Chuck Palhaniuk: il nostro autore della settimana



Numerose le classifiche stilate sui quotidiani di tutto il mondo e sul web: libri più comprati, libri meglio scritti, libri più emozionanti e addirittura libri da non leggere.

Come per i film e per i dischi, c’è anche l’elenco dei 1001 libri da leggere prima di morire, una sostanziosa classifica che va dalle favole di Esopo a Dorian Gray, da Dracula a Non ti muovere, di Margaret Mazzantini.

Elenco piuttosto vario, dunque, diviso per anni di pubblicazione, eppure ci sta piuttosto stretto, troppo scientifico per appassionare un vero lettore.

Qual è un buon criterio per scrivere una classifica? Bisogna inserire le opere che hanno scritto la storia della letteratura o più semplicemente quelle che hanno dato un bel contributo alla nostra storia personale?
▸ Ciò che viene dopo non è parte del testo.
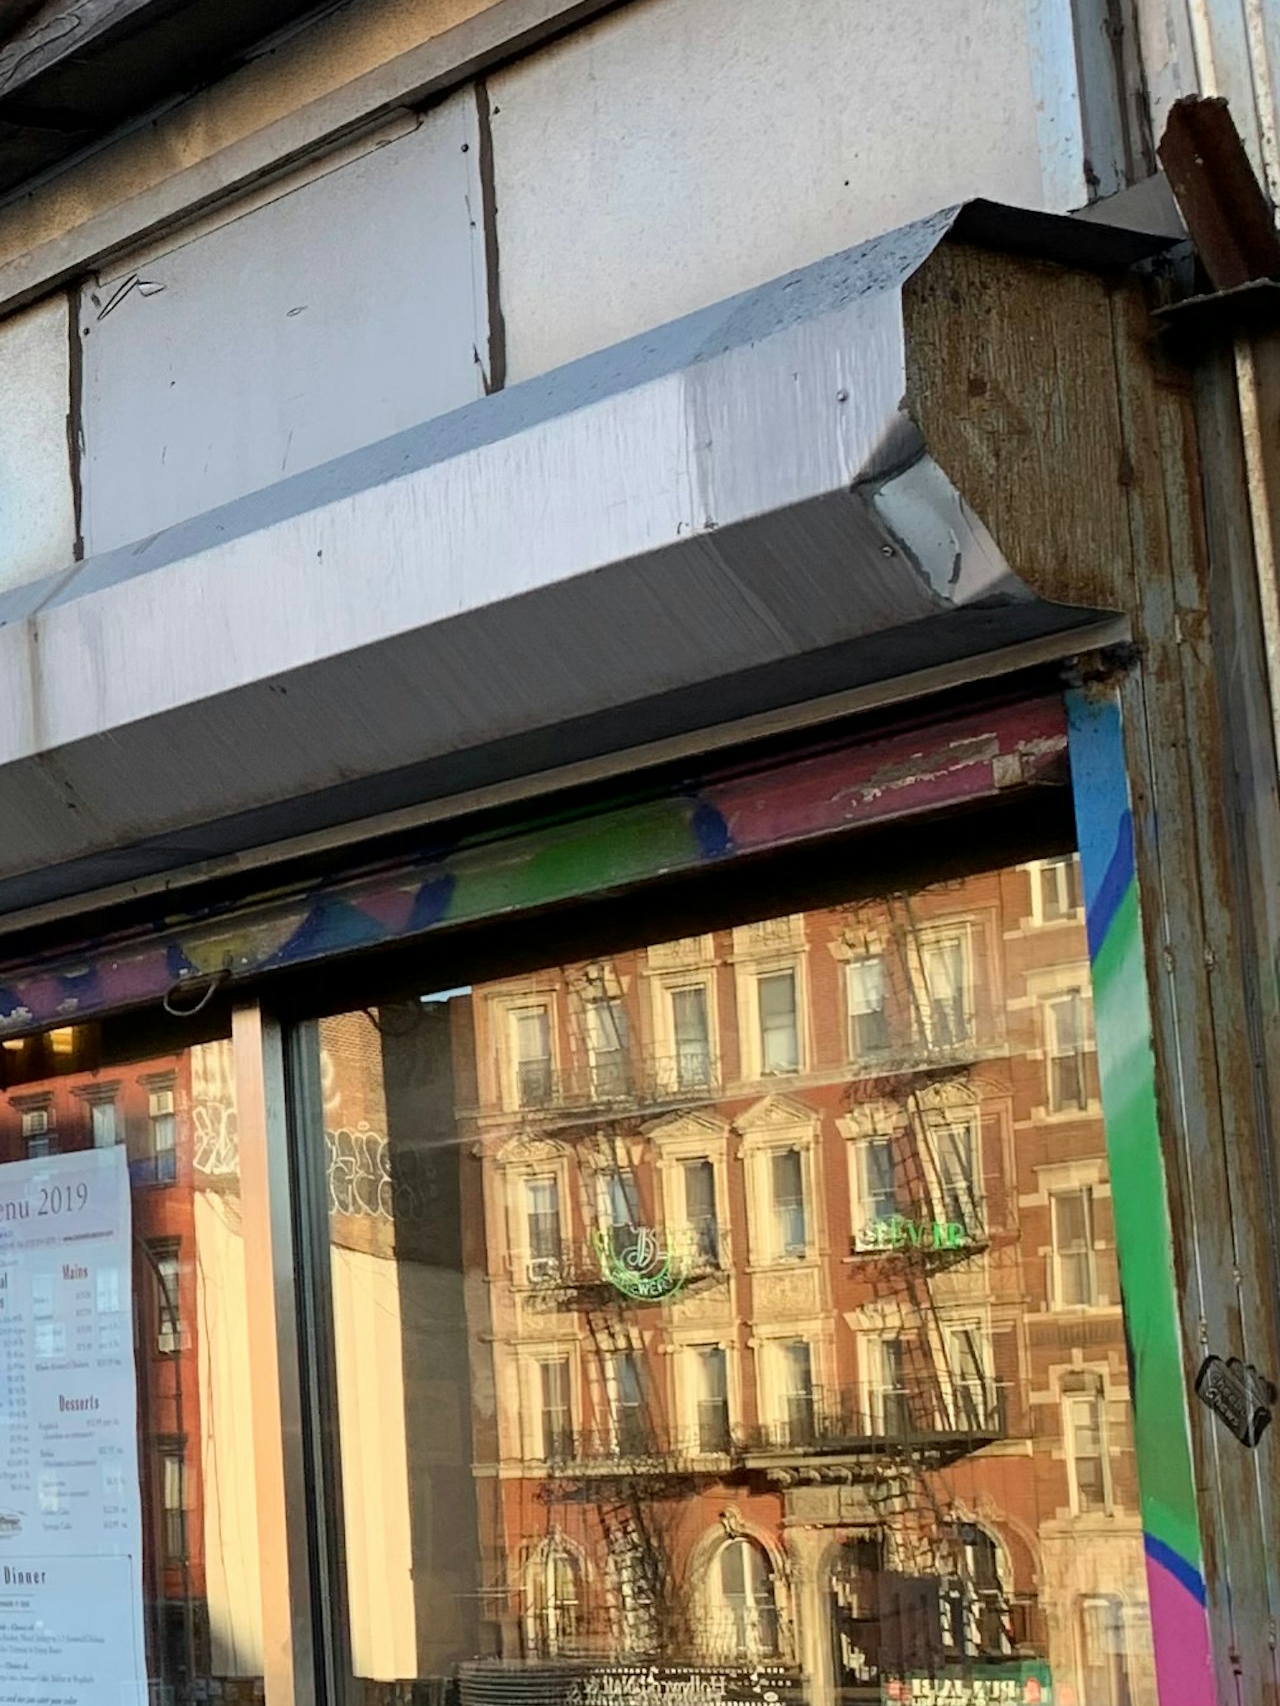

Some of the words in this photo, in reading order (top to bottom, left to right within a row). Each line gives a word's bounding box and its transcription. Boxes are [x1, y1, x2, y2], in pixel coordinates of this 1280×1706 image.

[37, 1182, 89, 1215] 2019
[59, 1394, 100, 1412] Desserts
[4, 1566, 46, 1585] Dinner
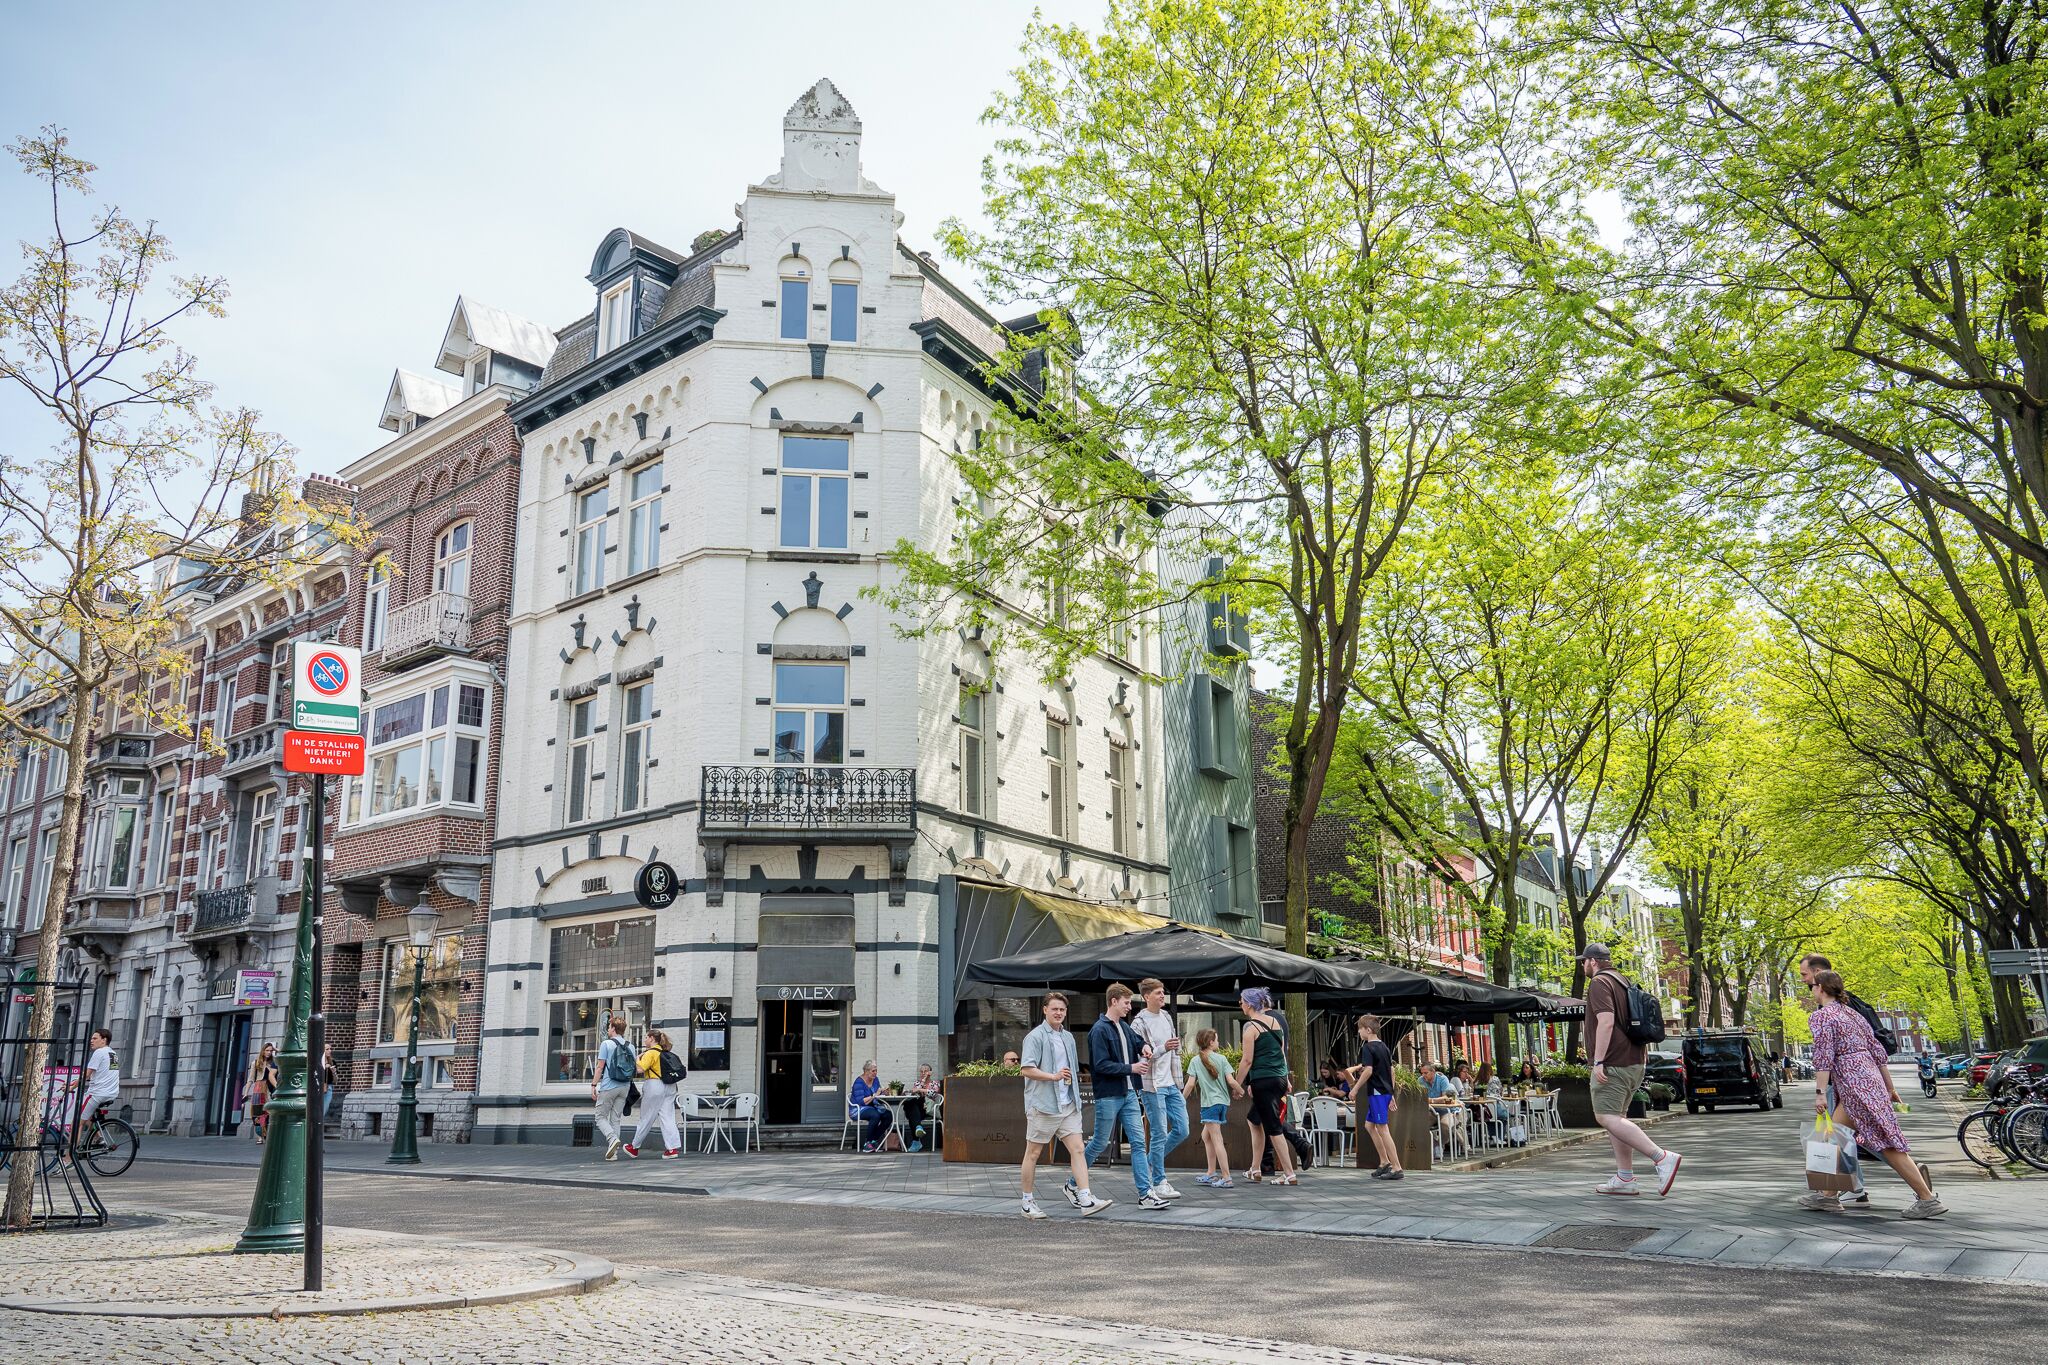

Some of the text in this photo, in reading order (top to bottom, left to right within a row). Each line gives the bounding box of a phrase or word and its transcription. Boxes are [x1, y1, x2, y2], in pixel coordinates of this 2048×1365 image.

[318, 740, 359, 749] STALLING
[327, 750, 351, 758] HIER!
[310, 757, 333, 765] DANK
[650, 894, 671, 903] ALEX
[792, 987, 834, 1000] ALEX
[694, 1012, 727, 1022] ALEX
Oggi sull’onda di un certo romanticismo, abbiamo deciso di scrivere una classifica del tutto personale degli autori che più ci hanno colpito, senza pensarci troppo.

Al primo posto delle nostre preferenze, si piazza Chuck Palhaniuk, lo scrittore americano autore di Fight Club, Soffocare, Cavie, e numerosi altri romanzi.
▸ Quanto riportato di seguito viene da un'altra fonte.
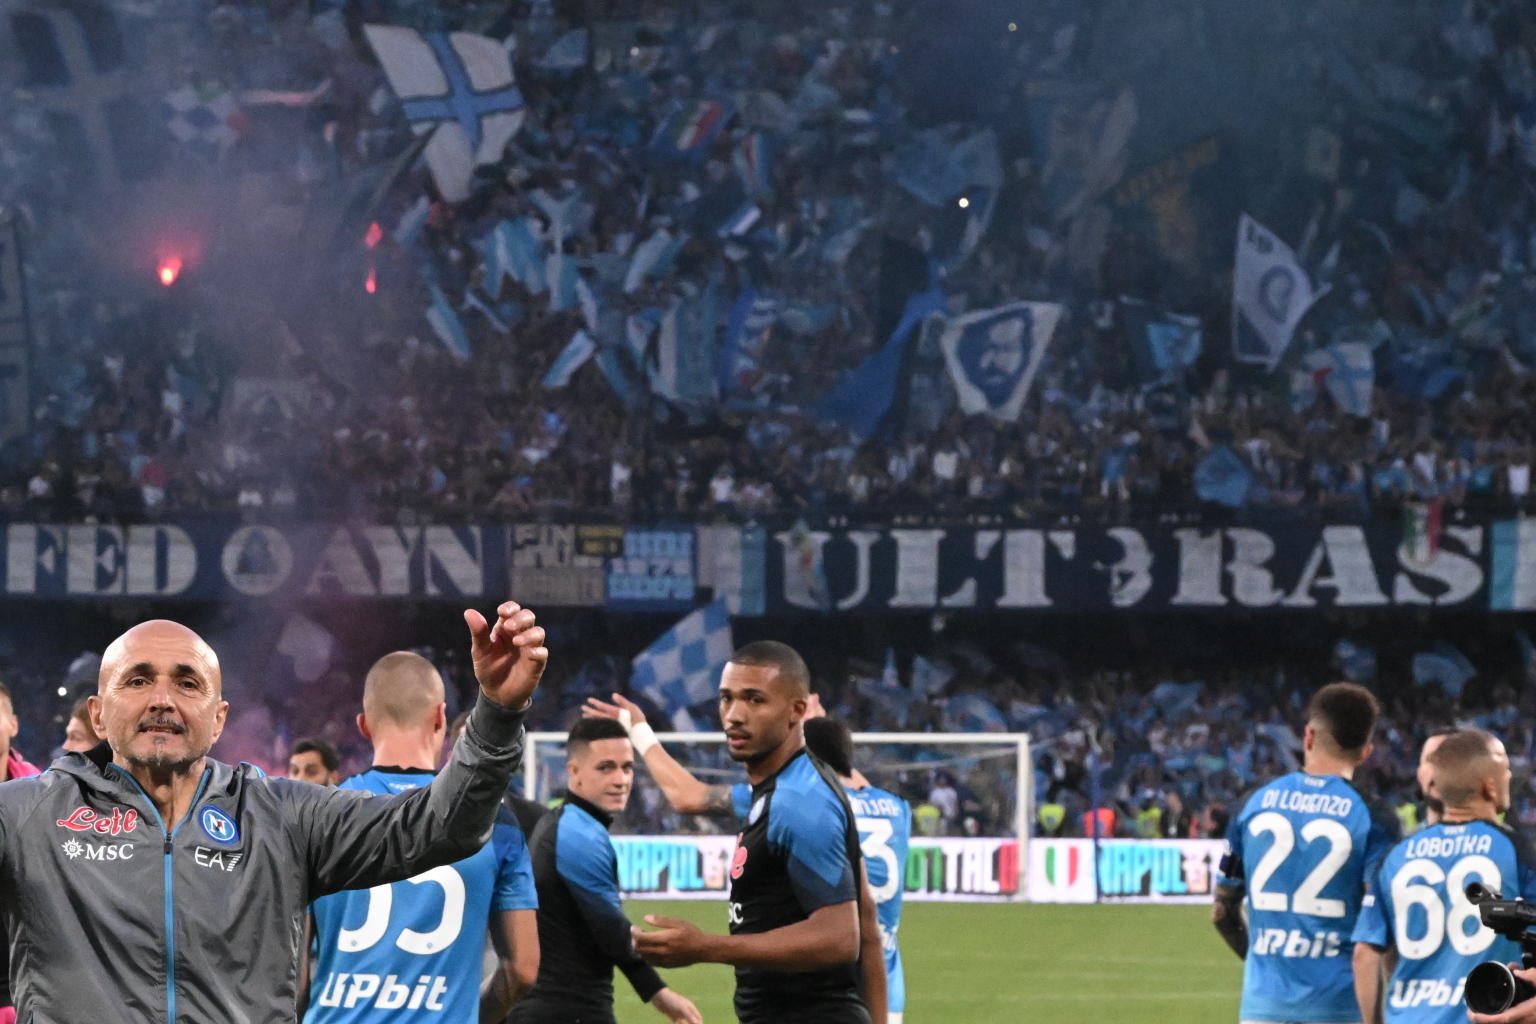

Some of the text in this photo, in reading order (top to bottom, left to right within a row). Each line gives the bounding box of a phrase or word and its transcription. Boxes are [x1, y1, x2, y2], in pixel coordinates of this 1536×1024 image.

[1261, 789, 1353, 817] DI LORENZO
[84, 843, 135, 861] MSC
[194, 835, 244, 872] EA7
[855, 817, 899, 904] 3
[1248, 811, 1352, 918] 22
[1405, 834, 1492, 858] LOBOTKA
[1391, 855, 1501, 960] 68
[1389, 978, 1467, 1018] UPbi
Impossibile non restare affascinati dalla potenza delle sue parole, dalle descrizioni dettagliate di persone sempre più vittime di se stesse.
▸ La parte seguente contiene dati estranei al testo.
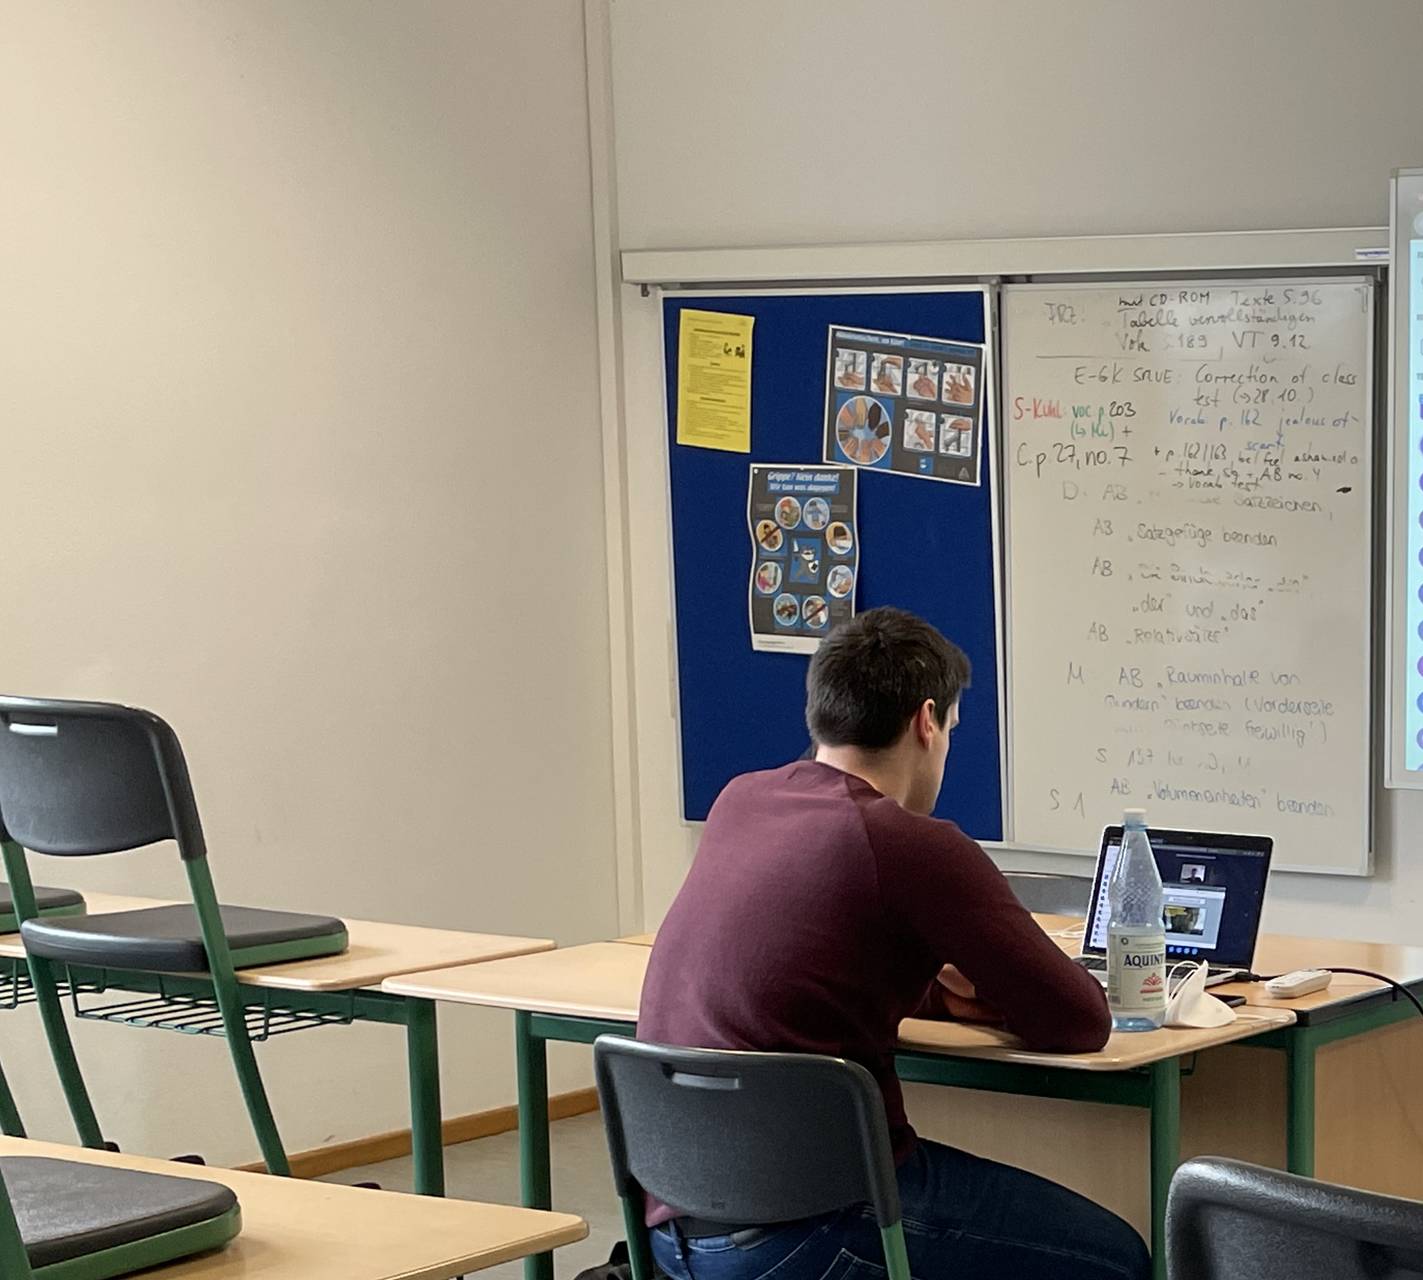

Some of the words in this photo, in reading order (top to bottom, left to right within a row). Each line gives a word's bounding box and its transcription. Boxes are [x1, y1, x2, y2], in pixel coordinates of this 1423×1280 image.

I personaggi, si somigliano un po’ tutti, Marla Singer come l’infermiera Page Marshall, tutte persone che sembrano essere destinate a rimanere intrappolate nella loro condizione, che sembra non abbiamo scampo.

Eppure i finali non sono mai ben definiti, dopo un lungo percorso i personaggi diventano consapevoli di se stessi, ma non è chiaro se decidano o meno di cambiare la loro condizione, né se ne abbiano del tutto la possibilità.
E’ chiaro che i romanzi di Chuck Palhaniuk ci abbiano molto colpito di recente, quindi lo scrittore americano è assunto ufficialmente a nostro autore della settimana.

Tuttavia, c’è ancora qualche posto nella nostra classfica, che sarà occupato, in ordine alfabetico da Mauro Corona, di cui abbiamo letto e apprezzato ogni romanzo; Andrea De Carlo, di cui abbiamo apprezzato in modo particolare il romanzo Uto; Stieg Larsson con la sua celebre trilogia, Uomini Che Odiano Le Donne; e infine, un omaggio doveroso a Charles Schulz e le geniali avventure dei suoi Peanuts.

Bene, ora però tocca a voi, qual è la vostra personale classifica di autori?